Dr. He acknowledged the support the AACR fellowship provided in propelling her career, noting that “as an international postdoctoral fellow, I was ineligible to apply for most government-funded grants. However, the AACR grant provided an opportunity for international postdoctoral fellows like me. During the final funded year, I actively sought an independent investigator position. This AACR fellowship played a critical role in establishing my recognition as an early-stage scientist and has been instrumental in building my career.” After completing her postdoctoral fellowship, Dr. He accepted an Assistant Professor position at Washington University School of Medicine in St. Louis, where she runs an independent research group focused on understanding how chronic stress impacts tumor progression.

References

1. Dai S, Mo Y, Wang Y, Xiang B, Liao, Q, Zhou M, et al. Chronic stress promotes cancer development. Front. Oncol. 2020;10:1492. doi: 10.3389/fonc.2020.01492.

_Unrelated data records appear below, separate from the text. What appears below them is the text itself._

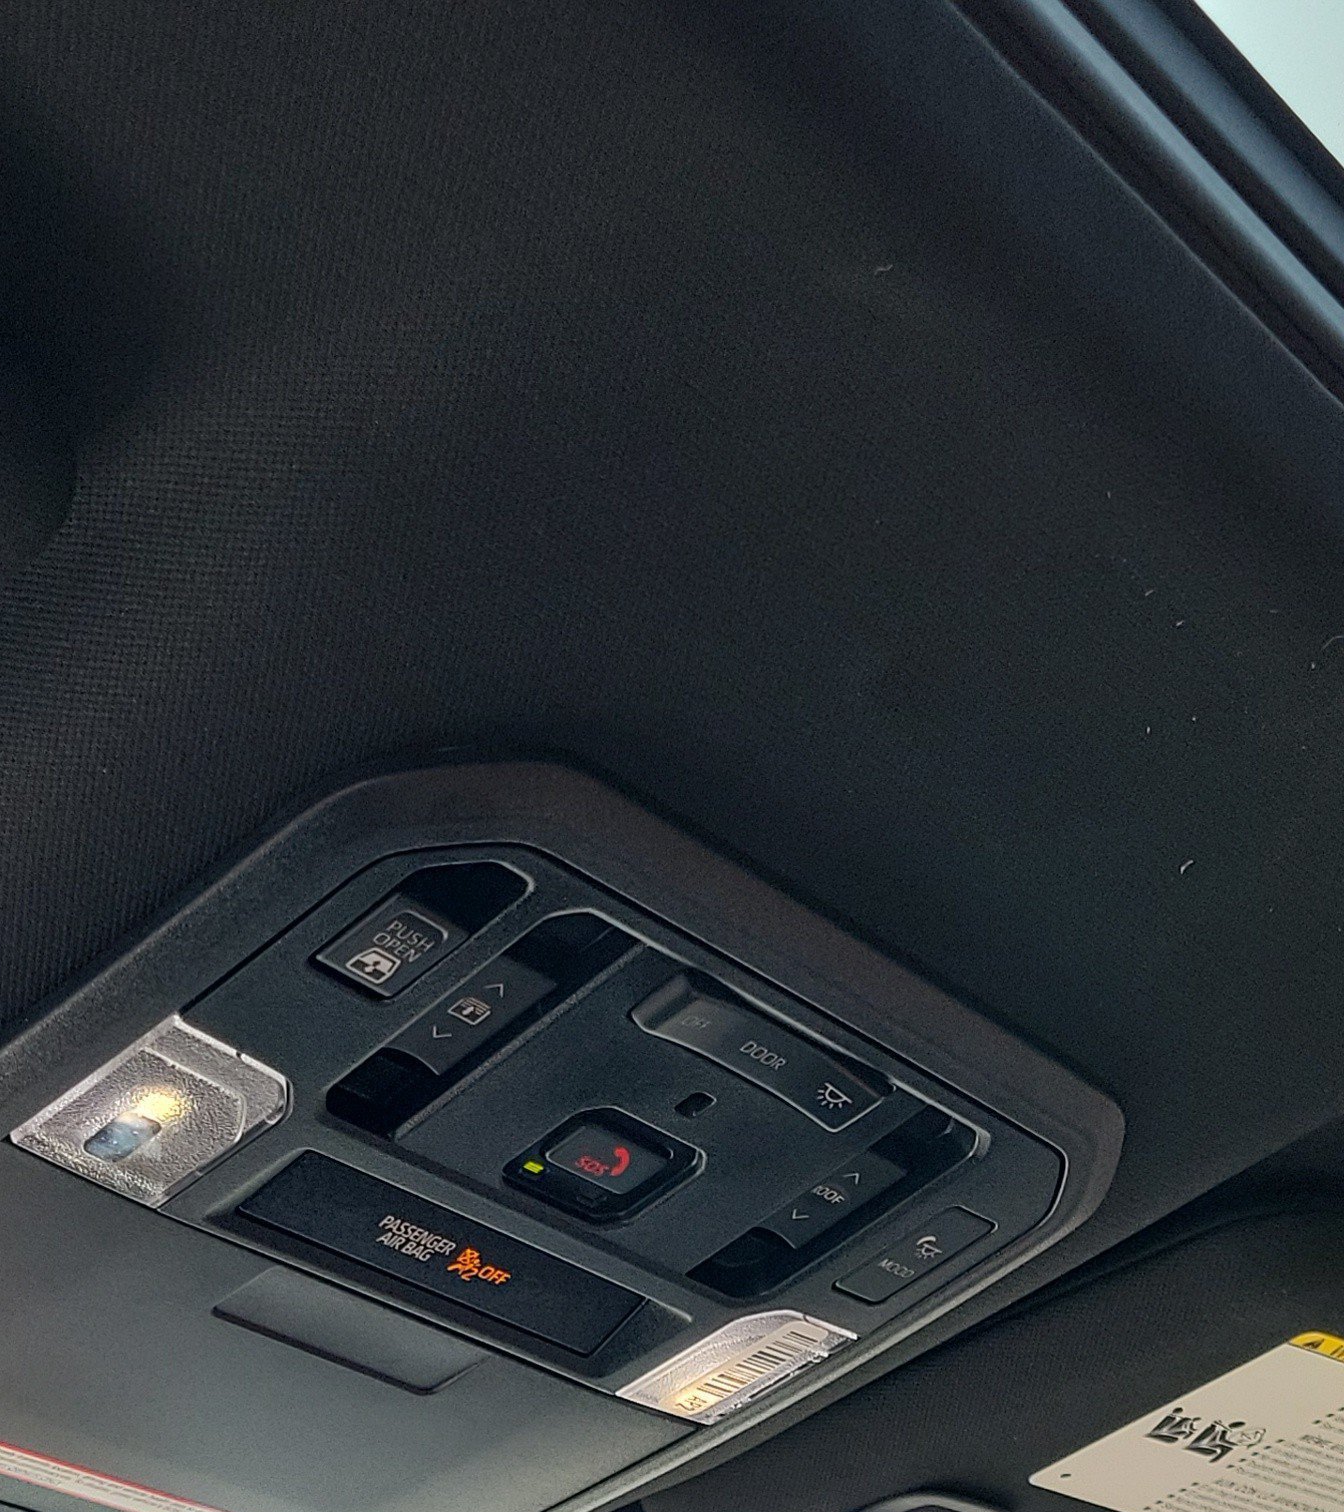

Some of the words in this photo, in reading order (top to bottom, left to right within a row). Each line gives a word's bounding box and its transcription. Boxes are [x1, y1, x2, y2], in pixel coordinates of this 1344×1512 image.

[373, 932, 422, 963] OPEN
[386, 920, 435, 952] PUSH
[739, 1041, 786, 1071] DOOR
[575, 1155, 607, 1177] SOS
[376, 1231, 401, 1250] AIR
[401, 1243, 434, 1263] BAG
[378, 1215, 456, 1256] PASSENGER
[477, 1265, 512, 1286] OFF
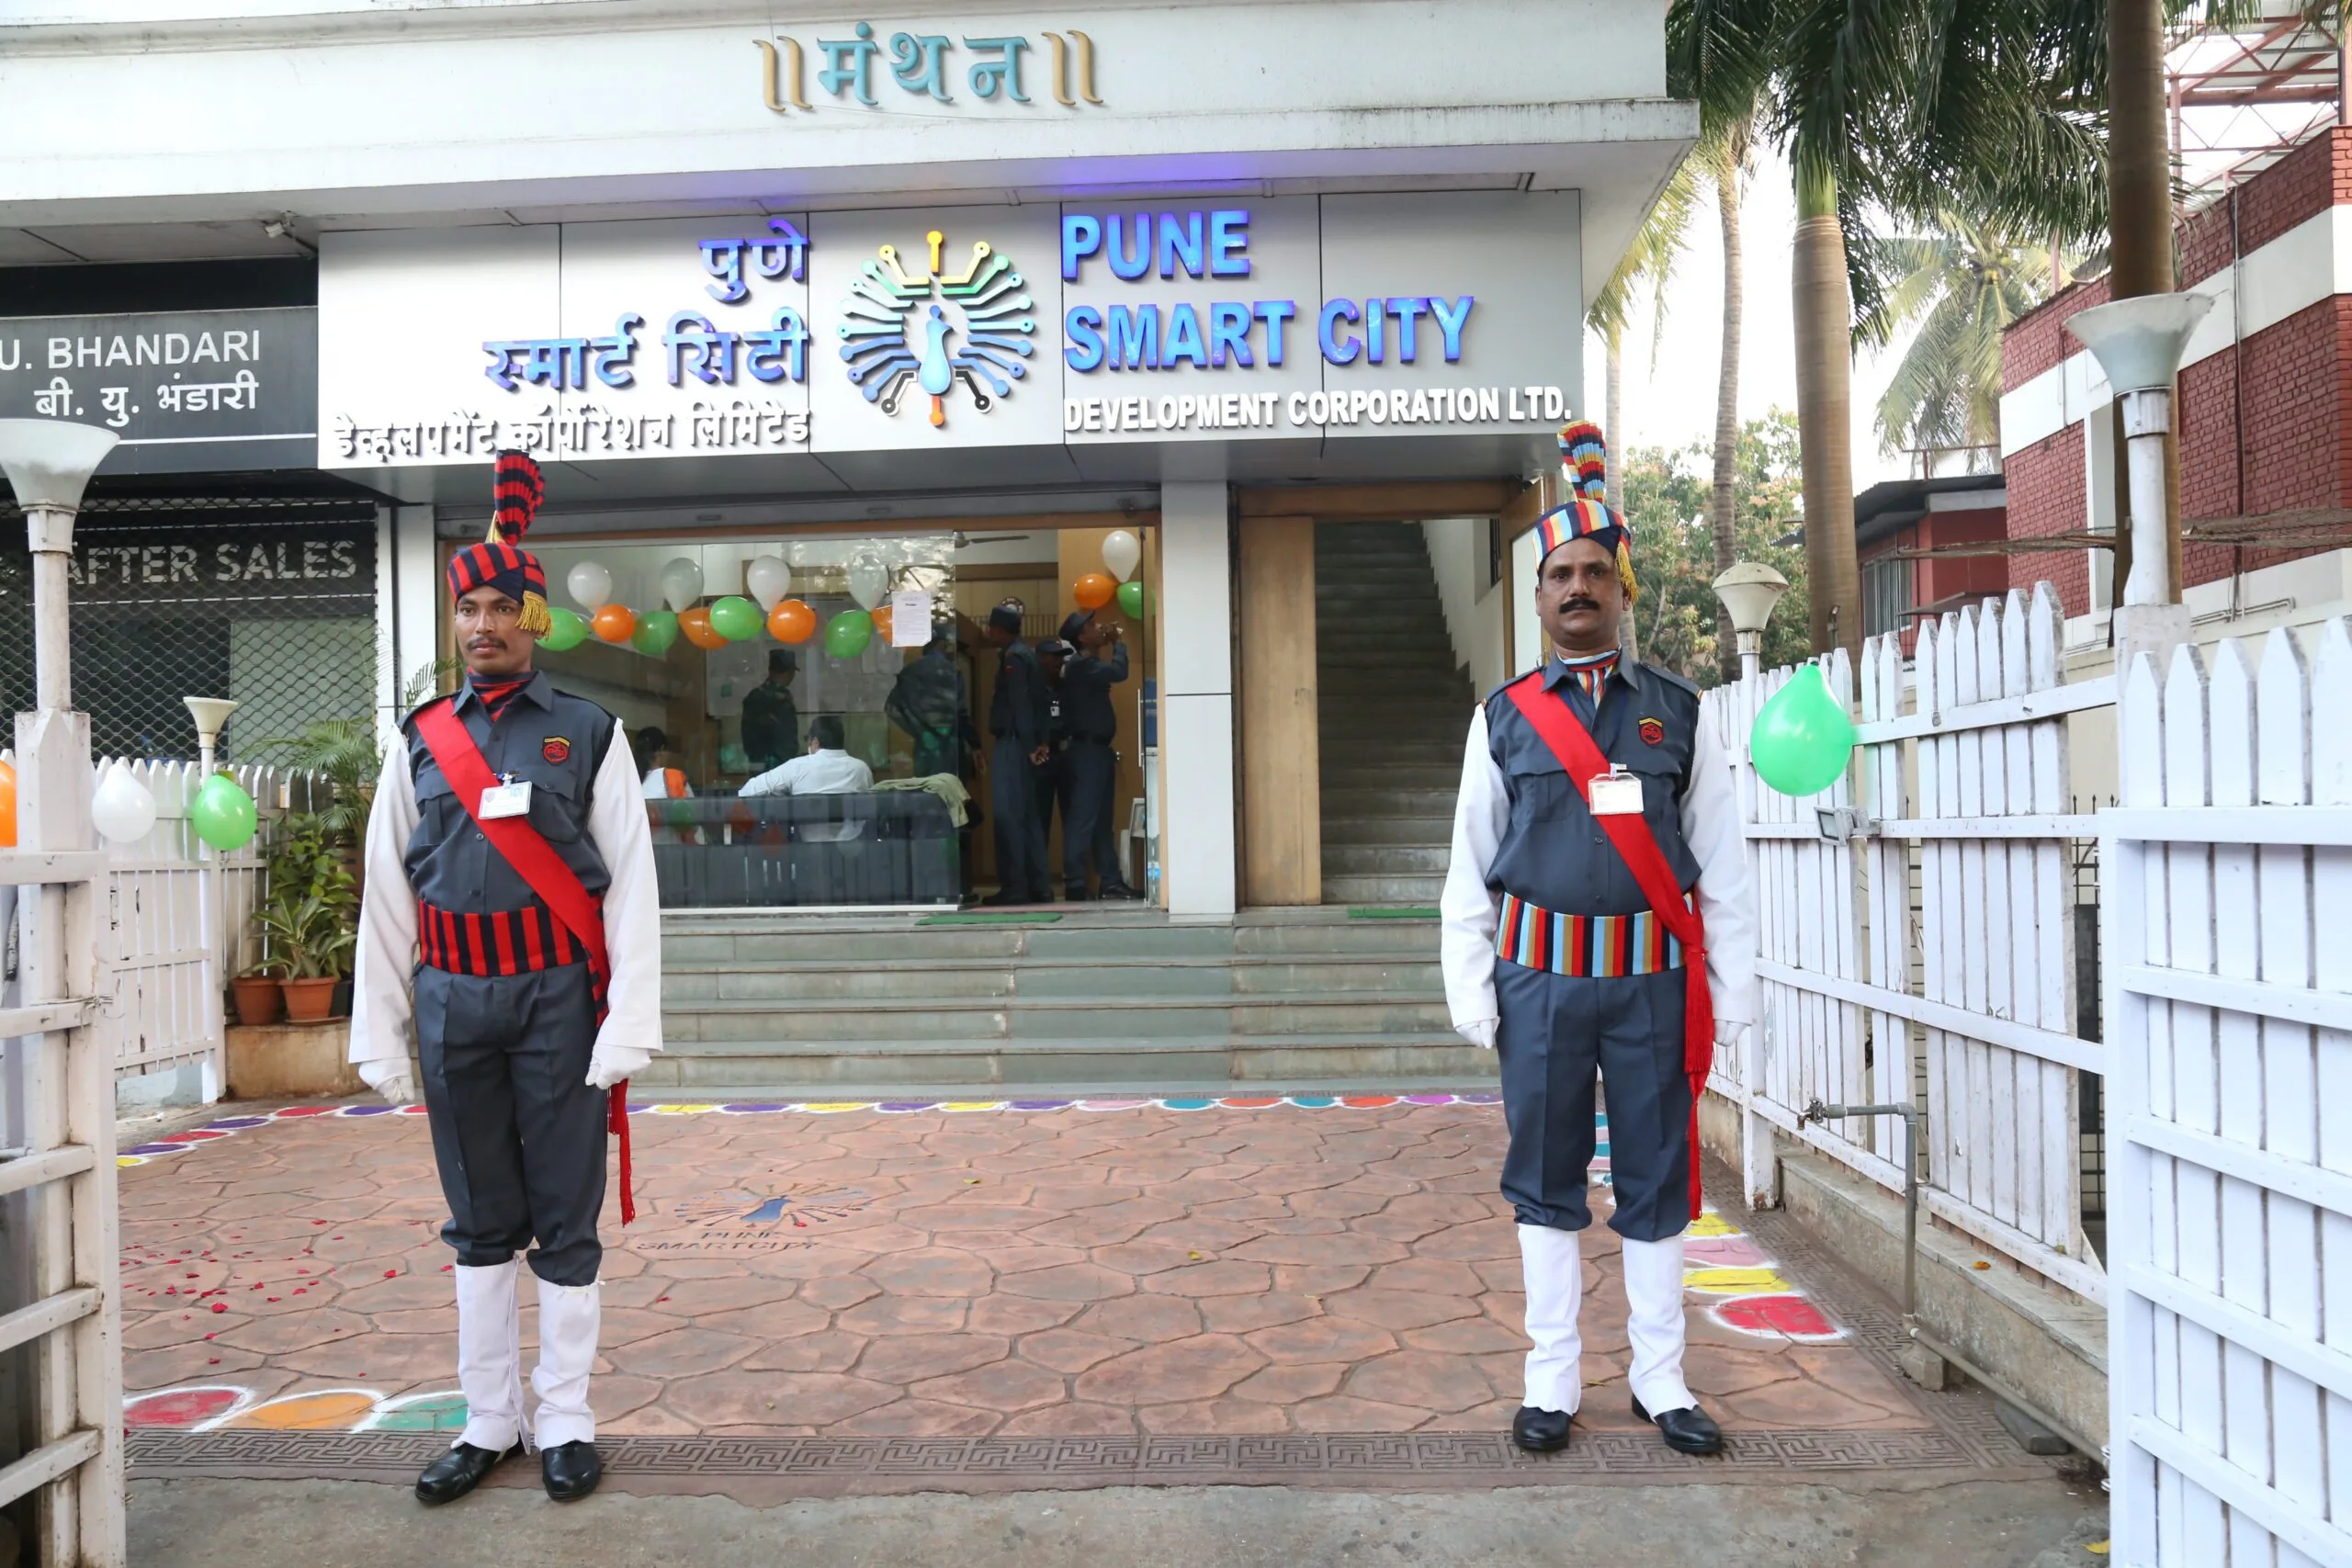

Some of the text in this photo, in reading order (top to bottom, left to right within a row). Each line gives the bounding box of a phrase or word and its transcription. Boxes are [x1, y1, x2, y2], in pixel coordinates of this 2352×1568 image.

2. He X-Y, Gao Y, Ng D, Michalopoulou E, George S, Adrover JM, et al. Chronic stress increases metastasis via neutrophil-mediated changes to the microenvironment. Cancer Cell. 2024;42:474-486. doi: 10.1016/j.ccell.2024.01.013.
3. Chen Y, Hu H, Tan S, Dong Q, Fan X, Wang Y, et al. The role of neutrophil extracellular traps in cancer progression, metastasis and therapy. 2022;11:99. Exp. Hematol. Oncol. doi: 10.1186/s40164-022-00345-3.
4. Erler JT, Bennewith KL, Cox TR, Lang G, Bird D, Koong A, et al. Hypoxia-induced lysyl oxidase is a critical mediator of bone marrow cell recruitment to form the premetastatic niche. Cancer Cell. 2009;15:35-44. doi: 10.1016/j.ccr.2008.11.012.
5. Wculek SK, Malanchi I. Neutrophils support lung colonization of metastasis-initiating breast cancer cells. Nature. 2015;528:413-417. doi: 10.1038/nature16140.